Bulgarian revolutionary and Orthodox priest

Father Matey Preobrazhenski (Матей Преображенски, "Matthew of the Transfiguration"; 1828–1 March 1875) was the clerical name of Mono Petrov Seizmonov (Моно Петров Сеизмонов), nicknamed Mitkaloto ("The Wandering One"), Ochmatey or Ochkata, a Bulgarian Orthodox priest, revolutionary, enlightener and a close friend of Vasil Levski.

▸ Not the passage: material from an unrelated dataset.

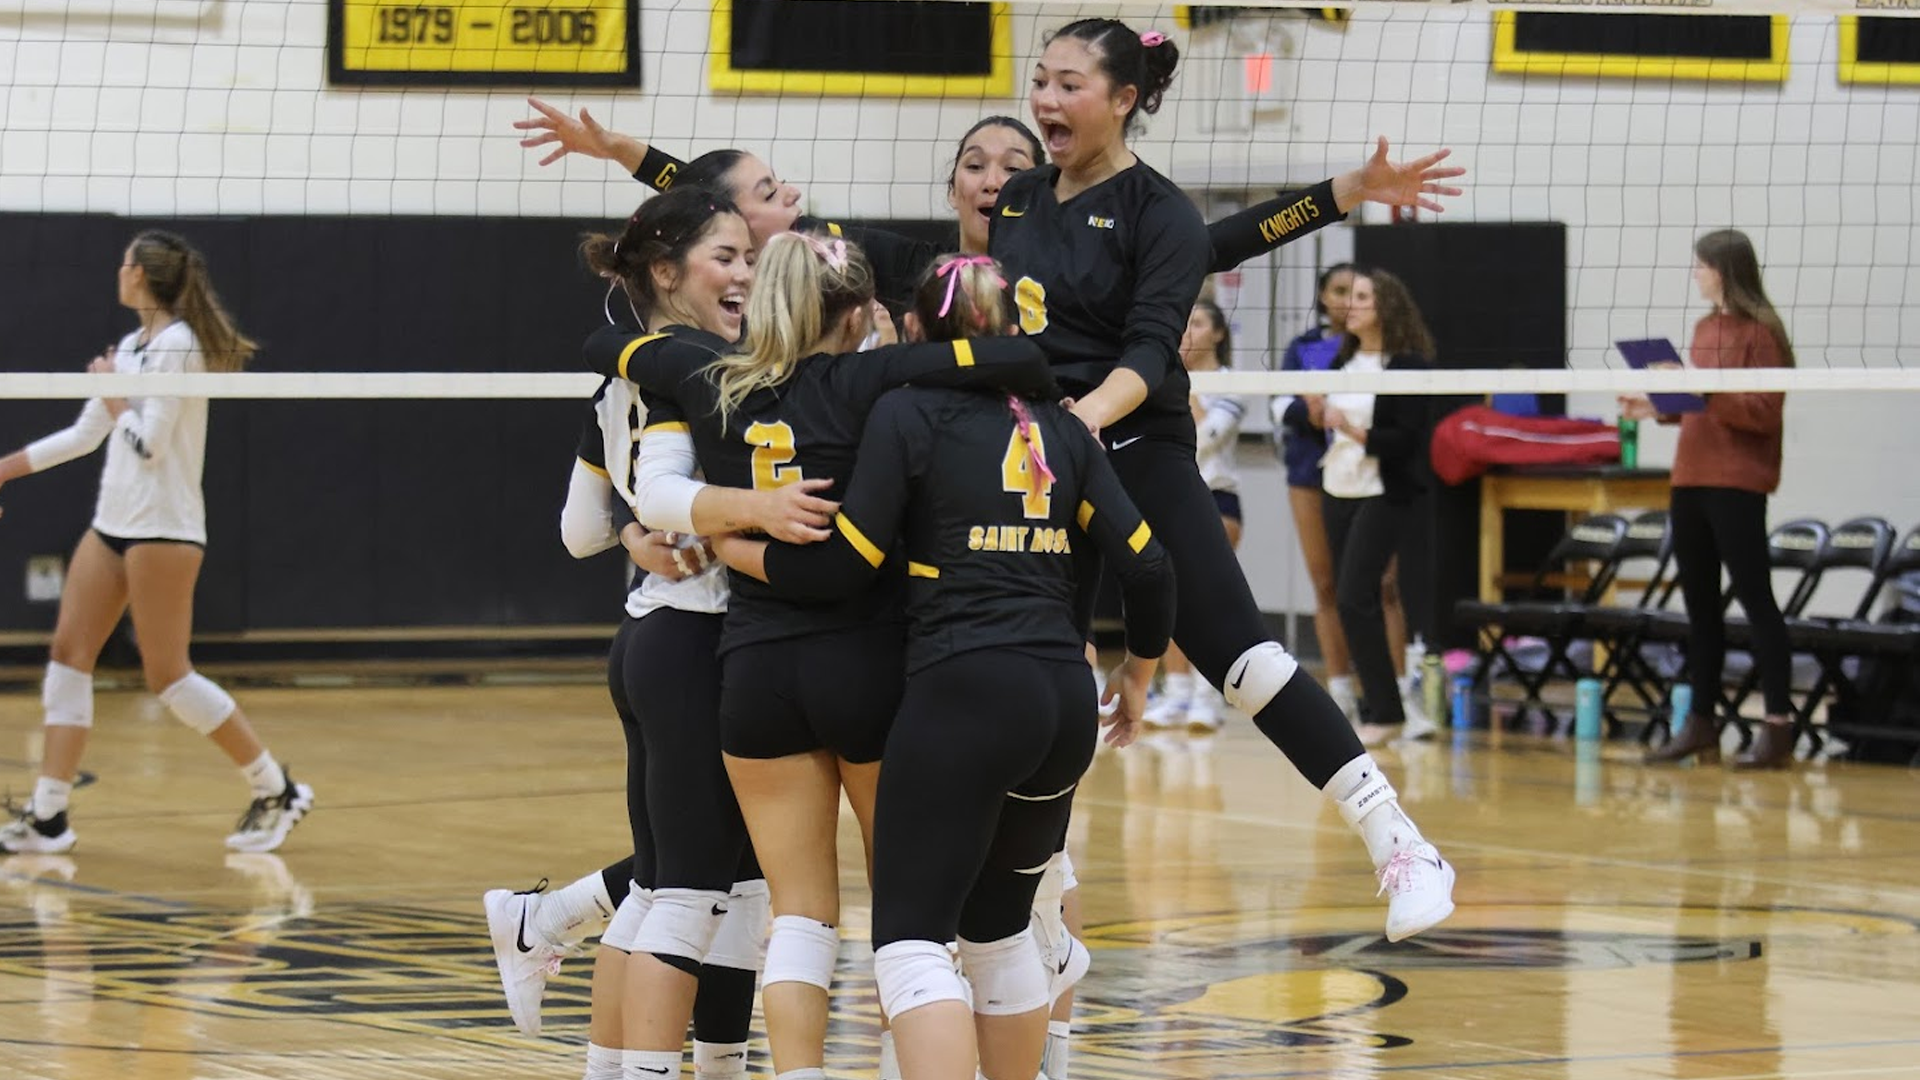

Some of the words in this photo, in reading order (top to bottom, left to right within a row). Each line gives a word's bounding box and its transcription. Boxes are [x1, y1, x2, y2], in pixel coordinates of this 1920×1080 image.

Father Matey was born in the village of Novo Selo near Veliko Tarnovo in 1828; his two brothers and sister died at an early age. Orphaned at age nine, he went to the Dryanovo Monastery to study tailoring. In 1846, he became a neophyte in the same monastery and a monk in the Transfiguration Monastery in 1848. In 1851, he visited the monasteries on Mount Athos and after a one-year stay went to Varna, Tulcea, the Holy Trinity Monastery near Tarnovo and the Troyan Monastery. He returned to Mount Athos in 1856 and remained there until 1861. He took an interest in reading and studied the books in the monastical libraries; he was also interested in mechanics and attempted to build a sea mill on the coast of the Aegean Sea. However, his secular interests were not approved by the brothers of Mount Athos and left the peninsula after a fight; he used a boat to reach the island of Thasos.

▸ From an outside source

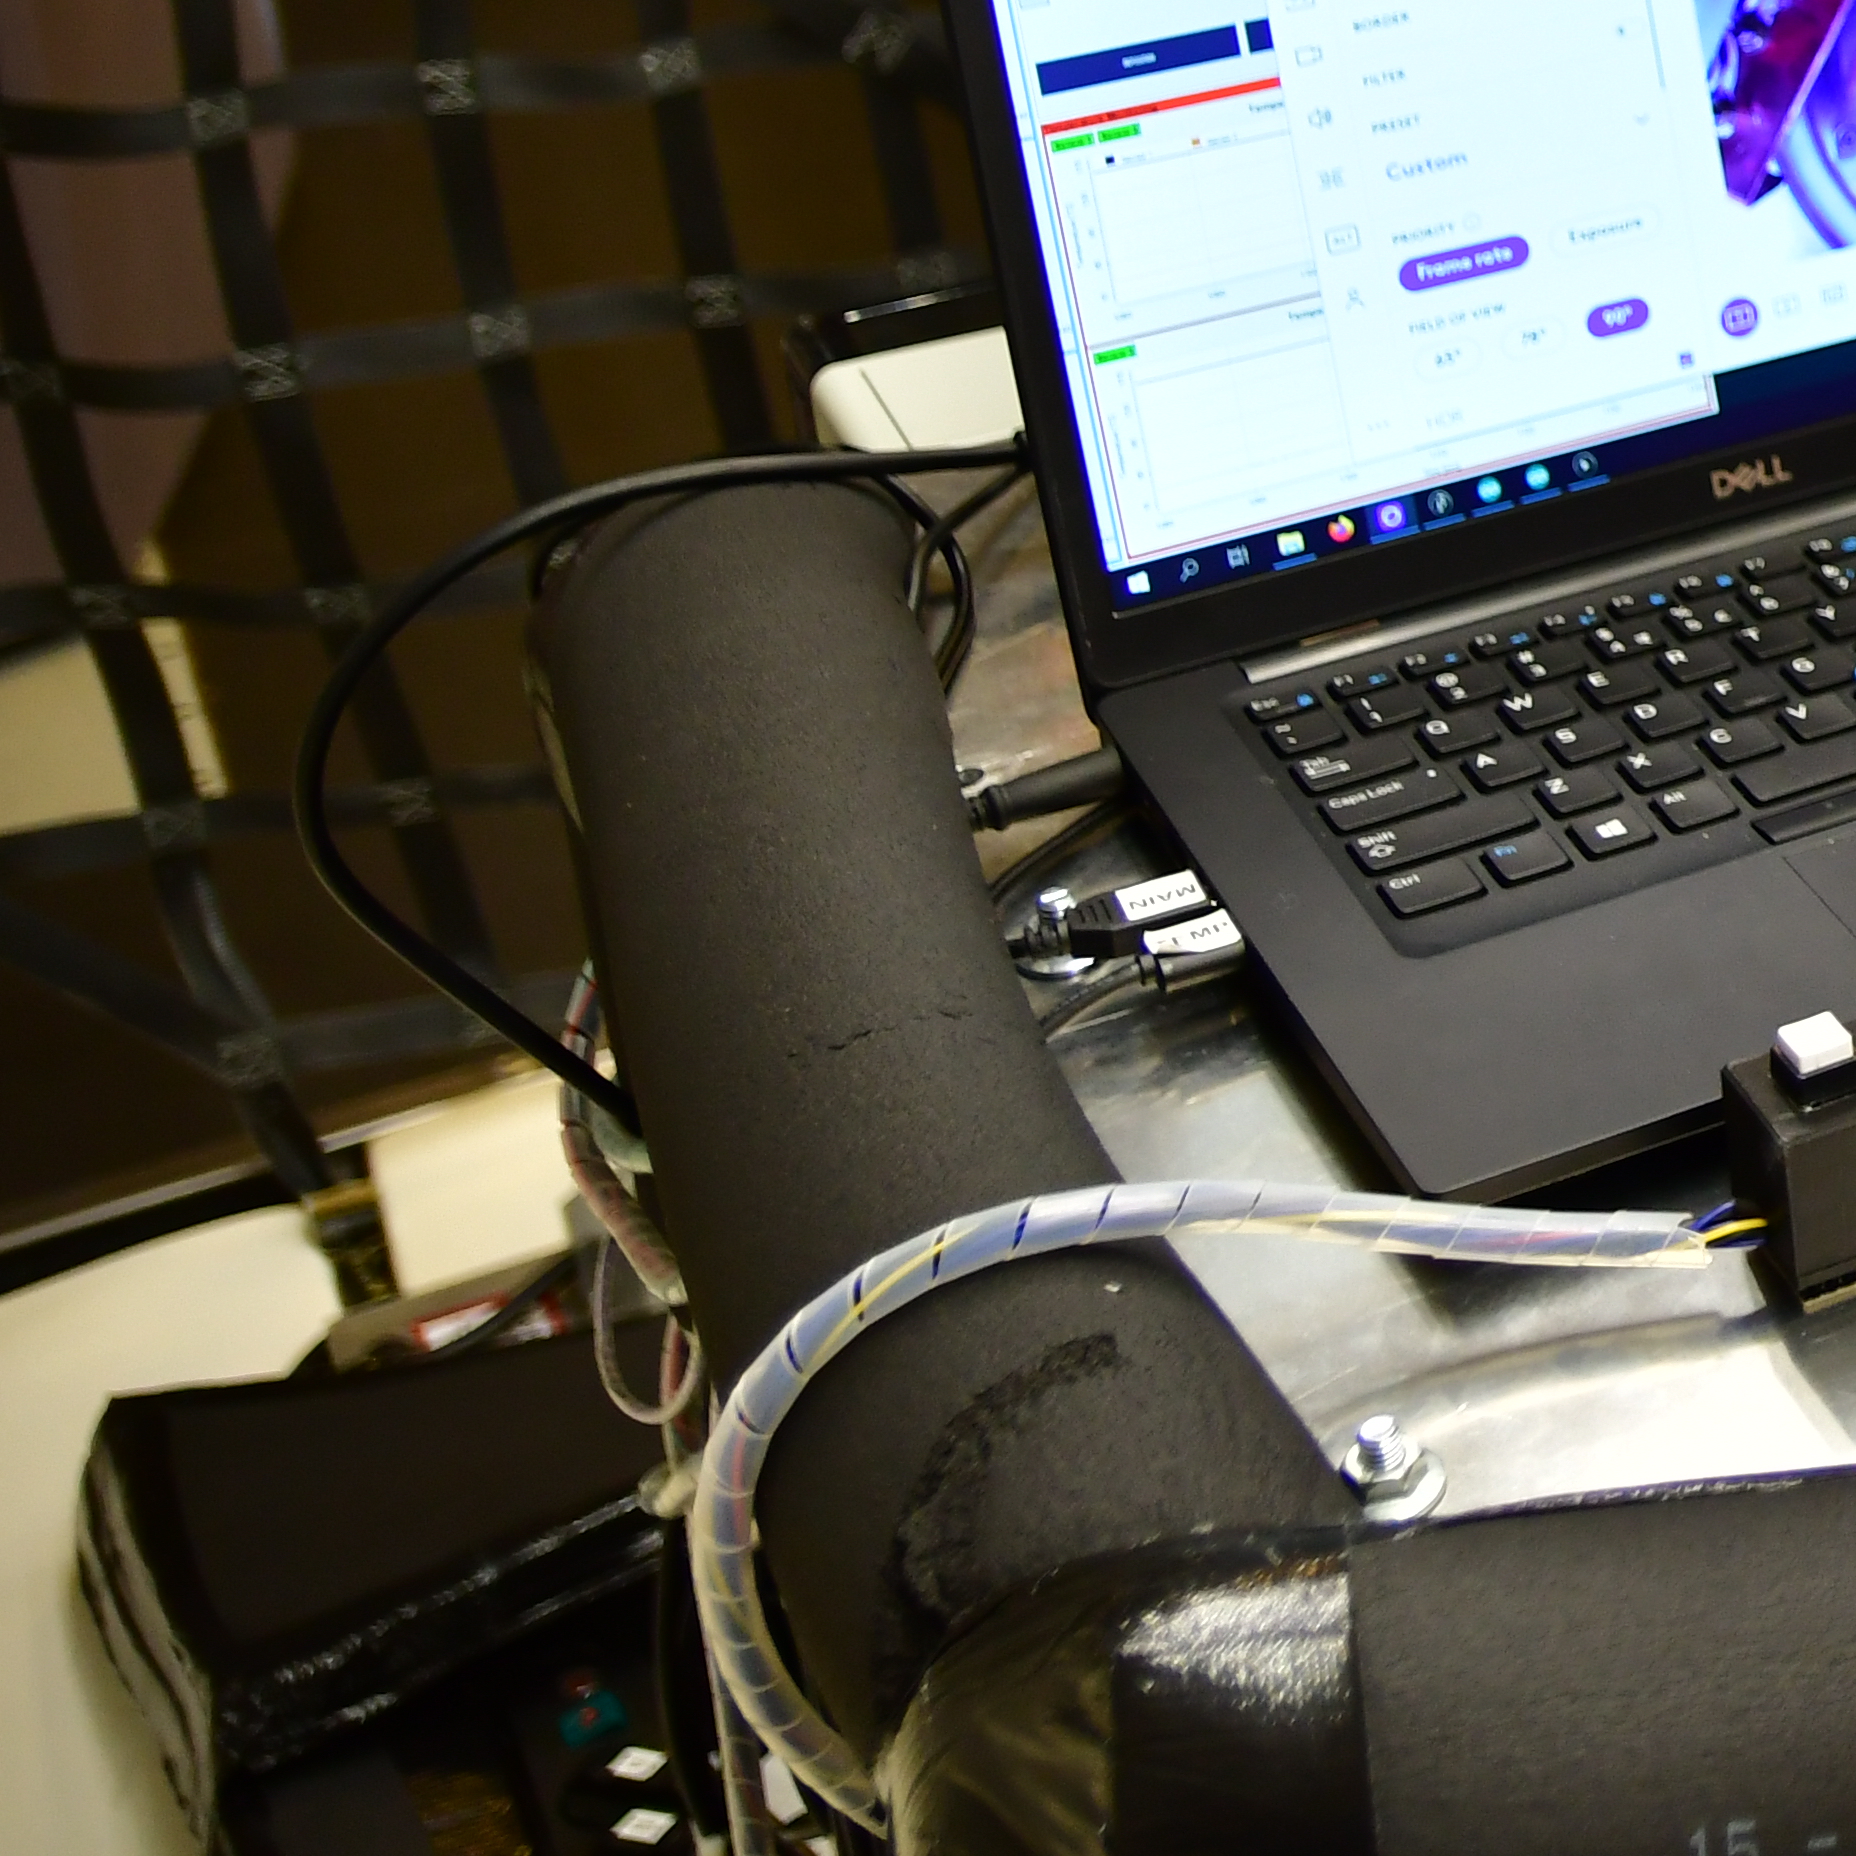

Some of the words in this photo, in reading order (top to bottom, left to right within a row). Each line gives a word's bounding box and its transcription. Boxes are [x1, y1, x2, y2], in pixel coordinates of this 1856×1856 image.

In the following years, Matey Preobrazhenski travelled to Istanbul, Jerusalem, Russia, Bessarabia and Wallachia. In 1862, he cast off the cassock and joined the First Bulgarian Legion in Belgrade, Serbia. In the following year he headed a small detachment which entered Bulgaria, fought an Ottoman detachment and won. In the same year he was actively involved in social work: he became a priest again and travelled around the region of Veliko Tarnovo as a preacher and book vendor: besides spreading hagiographies and other Christian books, he also carried patriotic books such as Istoriya Slavyanobolgarskaya, O Asenu Pervago, etc. He supported the local population by appointing village teachers, founding community centres (chitalishta), producing theatrical plays, organising agricultural associations, issuing own books, etc.

In 1869, Matey Preobrazhenski accompanied Vasil Levski on his tour across Bulgaria. Thanks to Father Matey's good relations with the locals, the two were able to establish a number of revolutionary committees, part of Levski's Internal Revolutionary Organisation. From that point on, Father Matey took an active part in the revolutionary work by carrying the organisation's secret mail and weaponry and accompanying Levski and Angel Kanchev on their journeys. In his native village of Novo Selo he built a committee inn to be used by the organisation's members. After Levski's capture and death in 1873, Matey Preobrazhenski continued to work for the Liberation of Bulgaria. He died on 1 March 1875 in his native village, before he could see the work of his life completed with the April Uprising of 1876 and the Russo-Turkish War of 1877–1878.